Jet Skis, a Kawasaki copyrighted name that has become an umbrella term for all personal watercraft, quickly took hold in the late 1970s. But they didn’t get it right away Up North . The bass rhythm of those years came from the jet engines of the Oscoda-based bombers and fighters.

The popularity of jet skis continued to grow along with the power of their engineering. When jet skis found their way to Michigan’s lakes – like an invasive species – in the 1980s, they began to annoy nature lovers as they plied the water, buzzing like mini bikes .

Now they roar like Harleys.
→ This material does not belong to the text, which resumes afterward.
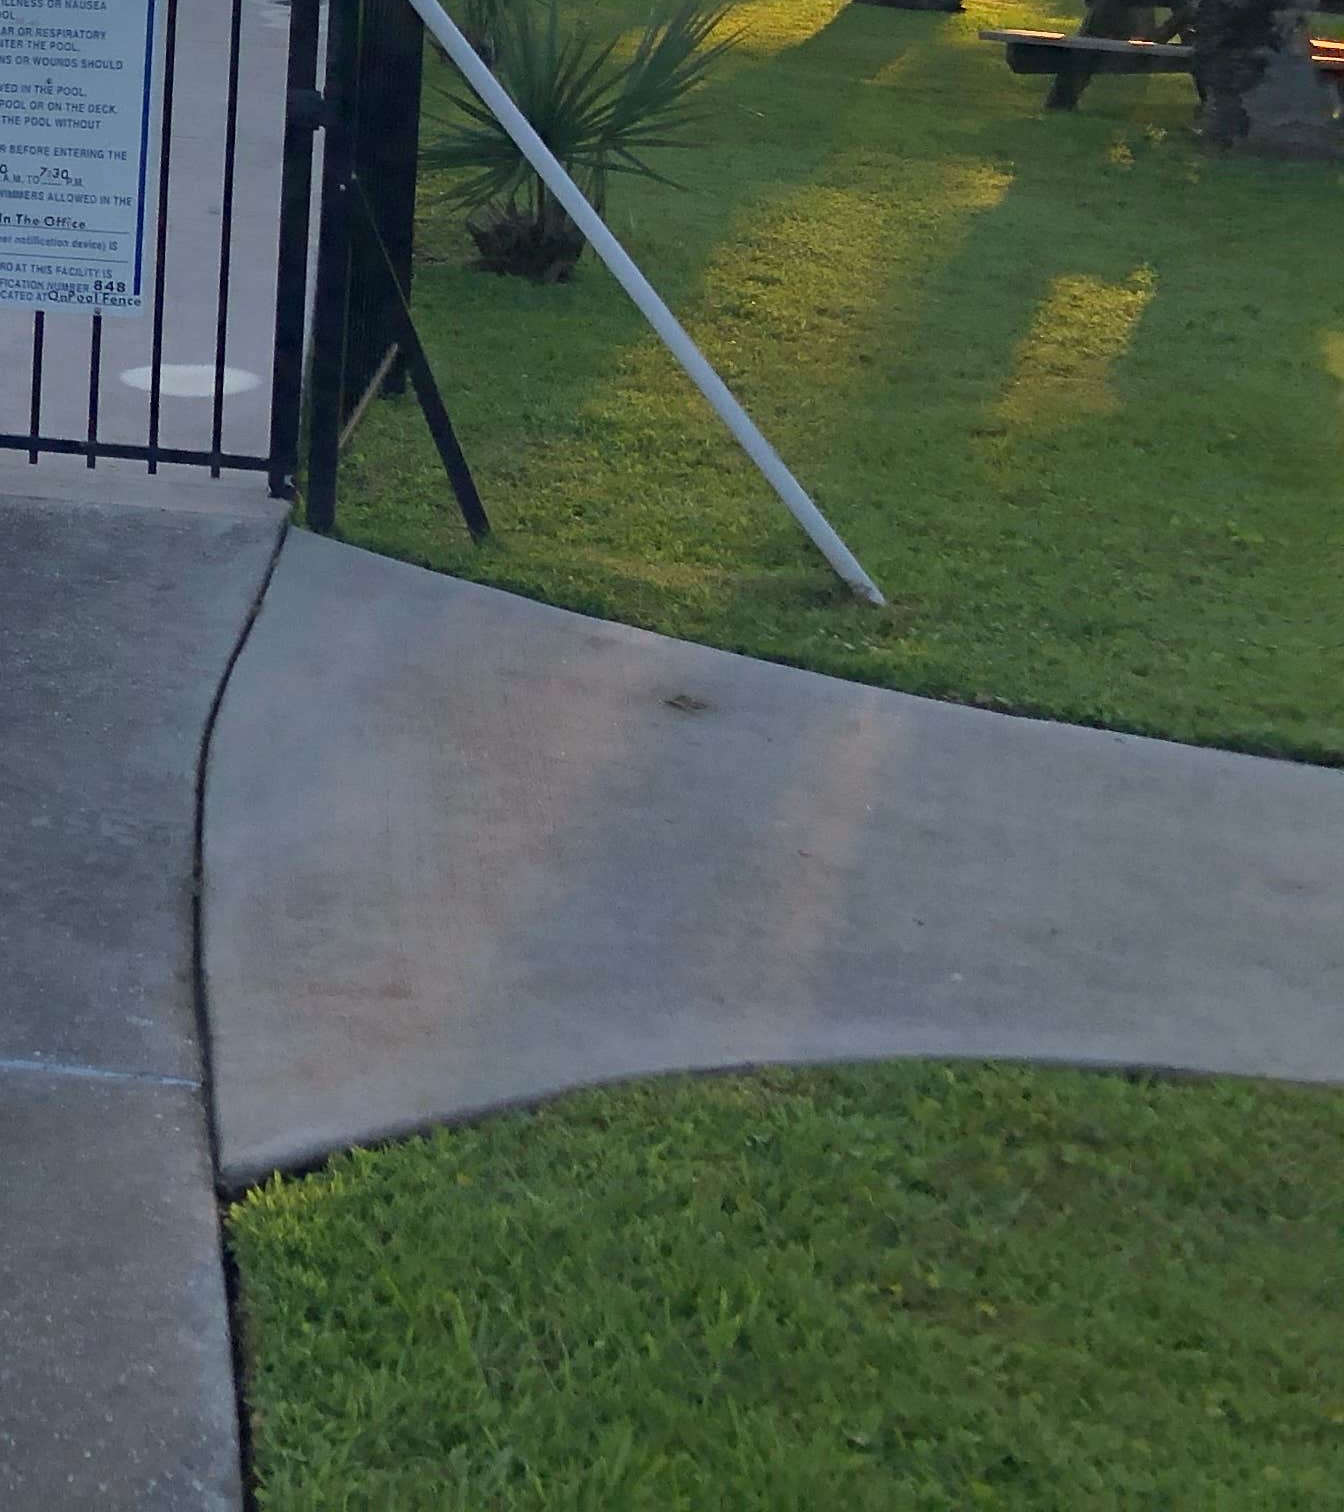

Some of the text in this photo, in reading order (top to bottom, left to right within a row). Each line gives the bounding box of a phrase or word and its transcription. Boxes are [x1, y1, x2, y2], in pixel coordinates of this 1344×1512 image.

Some jet skis seem large enough to accommodate a family of five and if needed they can bring a mattress and the dog.

As their 50th anniversary approaches, the largest jet skis on the market in 2021 dwarf Jacobson’s JS400. With its 1,498 cubic centimeters, the four-cylinder, four-stroke engine of the Jet Ski Ultra 310 is more than four times the size!

Now it’s noisy up north in July.

On a related note, when was the last time you saw the Northern Lights? Not the arena, but the northern lights, scorching in the night?

For young readers – hopefully there are some – the answer may be “never”. If you’re like me, it’s been a long time (a LOT, a unit of measurement to weaken memories). Especially in August, which is said to be the best time for astronomers to witness the mesmerizing, multi-colored spectacle of the sky.

Blame it on “light pollution”.

Light pollution is not a threat to the survival of our species, unlike toxic air, soil and water.

But it is a sign that times are changing.

As Crystal Nelson’s article in The News on Wednesday, July 7 shows, the population of northeastern Michigan has declined in the half-century since the arrival of the jet ski (one wonders if there is a correlation?).

Yet despite having fewer people, the area is much brighter at night now. Rows of lights like a baseball stadium burn through the night in big box stores. Intense security light points shine around the cabins in the forest and along the shores of the lake. Seen from the shore in Harrisville, the town of Oscoda, 16 miles away, radiates a perpetual bluish false dawn until the true dawn takes over with undertones of pink and peach.

In July and August, if you want to find darkness and seclusion, the place to go is Negwegon State Park. There, a vast, undeveloped expanse nestled beneath the southern tip of Thunder Bay, neither Oscoda nor Alpena blurs the horizon with light. This is an official “black point”, which does not seem like a favorable designation, but certainly is for amateur astronomers. In addition, the waters of Negwegon are thankfully free on a jet ski and will remain so, like a museum of peace and quiet.

Eric Paul Roorda is a professor, historian, lecturer, author and illustrator. He has lived in Alcona County for 50 years.